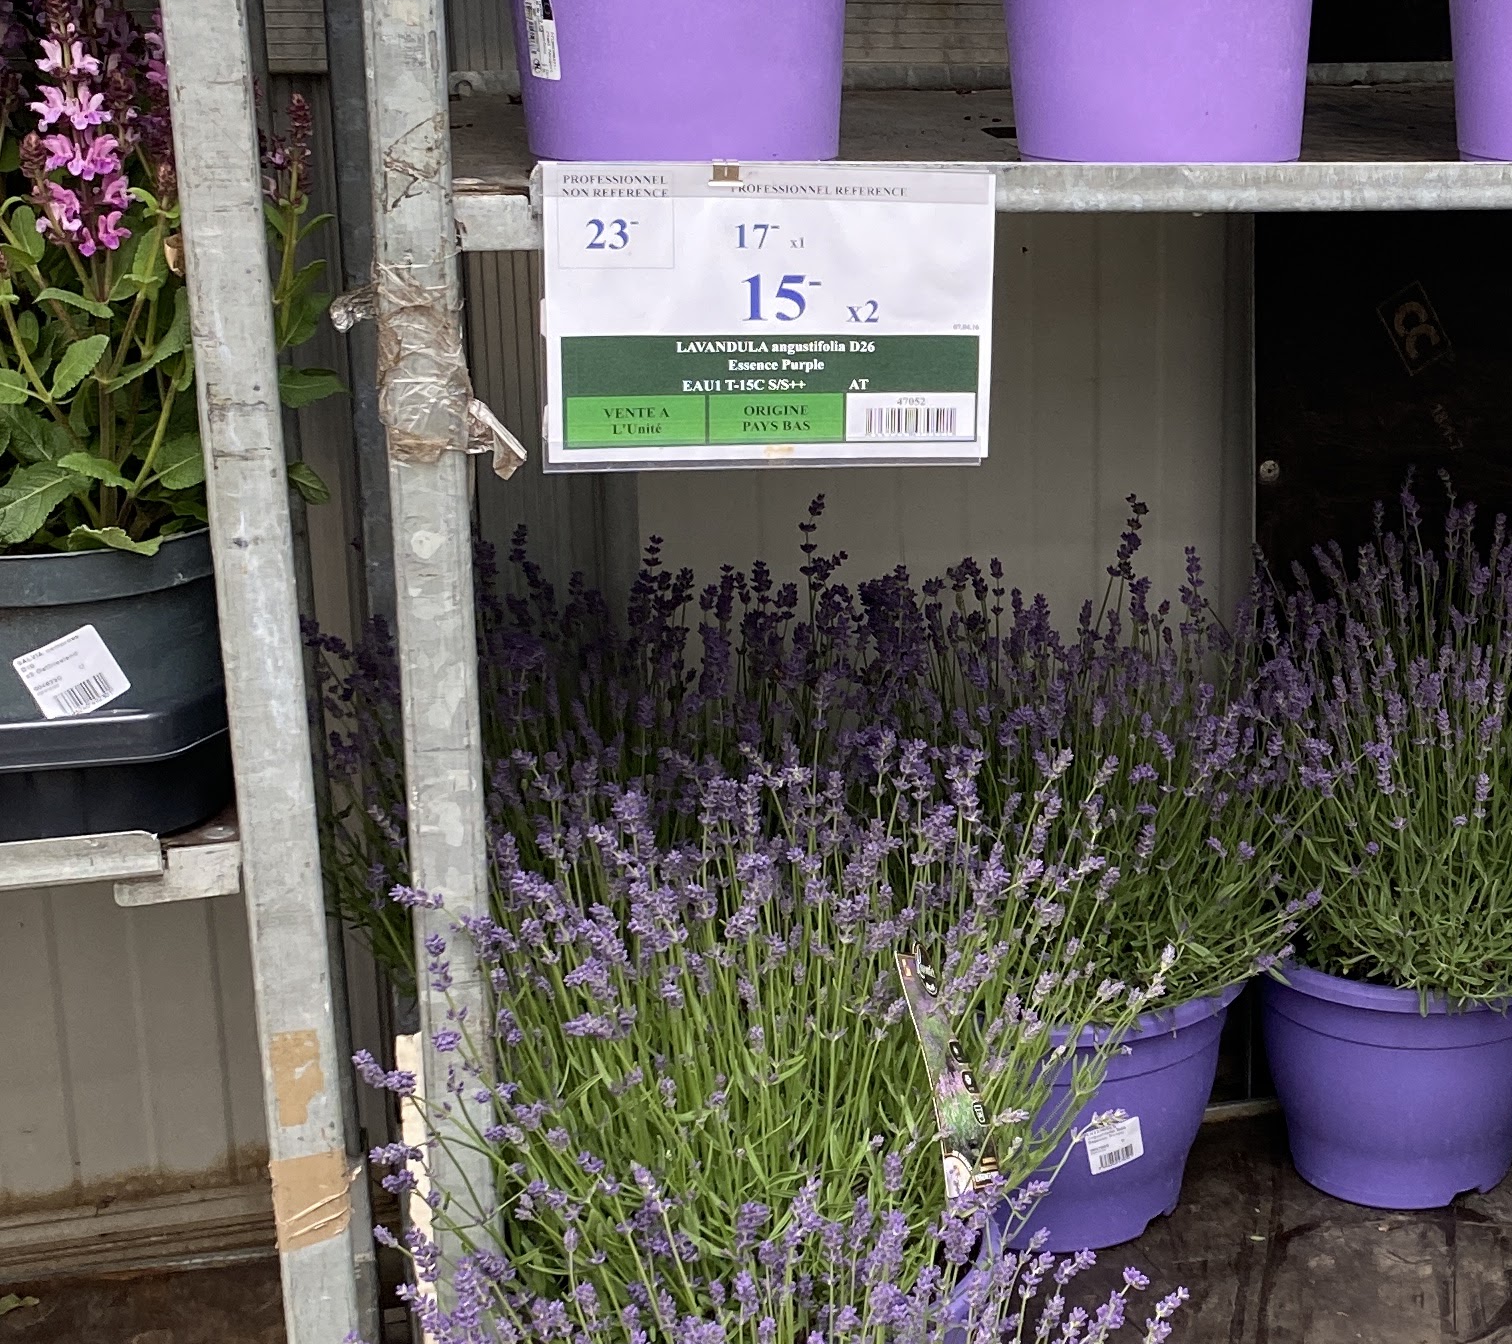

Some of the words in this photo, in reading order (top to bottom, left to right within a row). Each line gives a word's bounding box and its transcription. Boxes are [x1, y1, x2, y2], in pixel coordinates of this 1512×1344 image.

[563, 174, 668, 185] PROFESSIONNEL
[562, 188, 591, 198] NON
[593, 188, 669, 198] REFERENCE
[835, 186, 908, 198] REFERENCE
[846, 299, 879, 323] x2
[676, 341, 769, 353] LAVANDULA
[771, 341, 846, 355] angustifolia
[849, 341, 876, 353] D26
[728, 359, 779, 371] Essence
[782, 358, 825, 373] Purple
[725, 379, 765, 391] T-15C
[768, 378, 807, 391] S/S++
[848, 379, 870, 390] AT
[897, 397, 926, 406] 47052
[603, 407, 656, 419] VENTE
[660, 407, 670, 418] A
[744, 405, 809, 416] ORIGINE
[612, 423, 662, 435] L'Unité
[742, 420, 778, 432] PAYS
[782, 419, 811, 431] BAS
◆ ◆ ◆ ◆ ◆ ◆ ◆
Task goal:
Return all records above verbatim without their pictures.

Exercise result:
Some of the words in this photo, in reading order (top to bottom, left to right within a row). Each line gives a word's bounding box and its transcription. Boxes are [x1, y1, x2, y2], in pixel coordinates of this 1512×1344 image.

[563, 174, 668, 185] PROFESSIONNEL
[562, 188, 591, 198] NON
[593, 188, 669, 198] REFERENCE
[835, 186, 908, 198] REFERENCE
[846, 299, 879, 323] x2
[676, 341, 769, 353] LAVANDULA
[771, 341, 846, 355] angustifolia
[849, 341, 876, 353] D26
[728, 359, 779, 371] Essence
[782, 358, 825, 373] Purple
[725, 379, 765, 391] T-15C
[768, 378, 807, 391] S/S++
[848, 379, 870, 390] AT
[897, 397, 926, 406] 47052
[603, 407, 656, 419] VENTE
[660, 407, 670, 418] A
[744, 405, 809, 416] ORIGINE
[612, 423, 662, 435] L'Unité
[742, 420, 778, 432] PAYS
[782, 419, 811, 431] BAS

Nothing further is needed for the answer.